Games were released onto the EP format at the same time as they were released onto standard My Cards. New My Card EPs came with either Dragon Wang or Star Jacker pre-written on the card, with the below titles available for rewriting.

- Star Jacker (Sutajakka) (スタージャッカー)
- Borderline
- Safari Hunting
- Sega Flipper
- Pacar
- Safari Race
- Sindbad Mystery
- Penguin Land
- Dragon Wang
- Gulkave
- Teddy Boy Blues (Mark III only)
- Great Baseball (Mark III only)
- Great Soccer (Mark III only)
- Astro Flash (Mark III only, also known as TransBot outside Japan)

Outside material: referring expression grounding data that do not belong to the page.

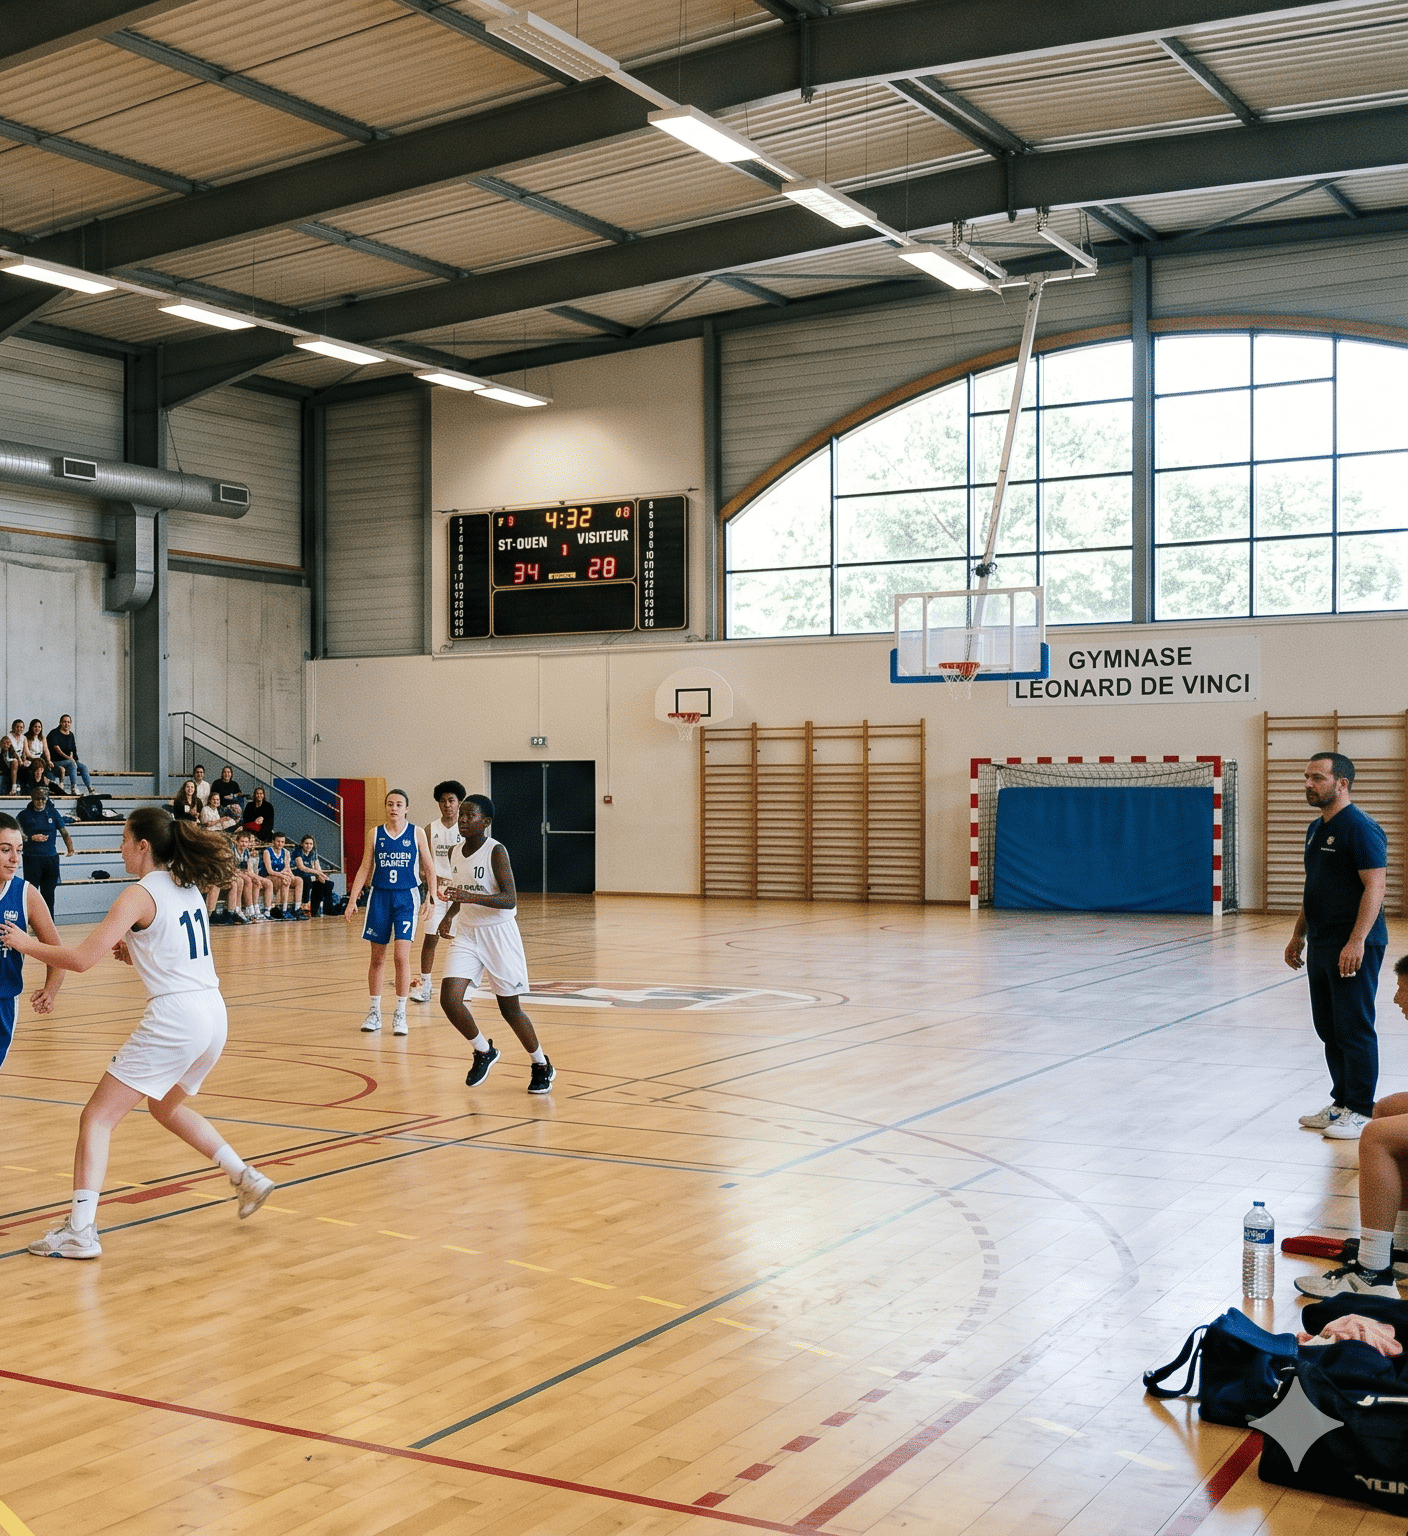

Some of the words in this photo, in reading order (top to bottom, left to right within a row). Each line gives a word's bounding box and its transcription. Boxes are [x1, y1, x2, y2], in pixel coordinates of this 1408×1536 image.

[545, 507, 592, 529] 4:32
[498, 536, 548, 551] ST-OUEN
[577, 529, 629, 544] VISITEUR
[514, 563, 539, 583] 34
[588, 557, 615, 579] 28
[1069, 647, 1192, 670] GYMNASE
[1141, 676, 1174, 695] DE
[1182, 673, 1250, 694] VINCI
[389, 869, 398, 883] 9
[473, 866, 485, 879] 10
[179, 908, 209, 960] 11
[402, 921, 411, 934] 7

== List of compatible consoles ==

| Model name | My Card | My Card Mark III | Sega Card (Non-Japanese for My Card Mark III) | My Card EP | Comment(s) |
|---|---|---|---|---|---|
| SG-1000 (Sega) | Yes | No | No | Yes | Requires Card Catcher. |
| SG-1000 II (Sega) | Yes | No | No | Yes | Requires Card Catcher. Only released in Japan. |
| SC-3000 (Sega) | Yes | No | No | Yes | Requires Card Catcher. |
| SC-3000H (Sega) | Yes | No | No | Yes | Requires Card Catcher. |
| Othello Multivision (FG-1000) (Tsukuda Original) | Yes | No | No | Yes | Requires Card Catcher. Only released in Japan. |
| Othello Multivision (FG-2000) (Tsukuda Original) | Yes | No | No | Yes | Requires Card Catcher. Only released in Japan. |
| SD-G5 (Pioneer) | Yes | No | No | Yes | Requires Card Catcher. Only released in Japan. |
| Sega Mark III (Sega) | Yes | Yes | Yes | Yes |  |
| Master System | No | Partial | Yes | Yes | Japanese My Card games are not supported except for Woody Pop. |
| Mega Adapter/Power Base Converter/Master System Converter^{[broken anchor]} (Sega) | No | Partial | Partial | Partial | Original My Cards and F-16 Fighting Falcon are not supported. |
| Master Gear Converter (Sega) | No | Yes | Yes | Yes | Requires Card Catcher + Mark III to Master System adapter. Not released in Japan. |

==Sega AI Computer==

The Sega AI Computer also used Sega Cards, but it is not compatible with any of the cards used in other systems.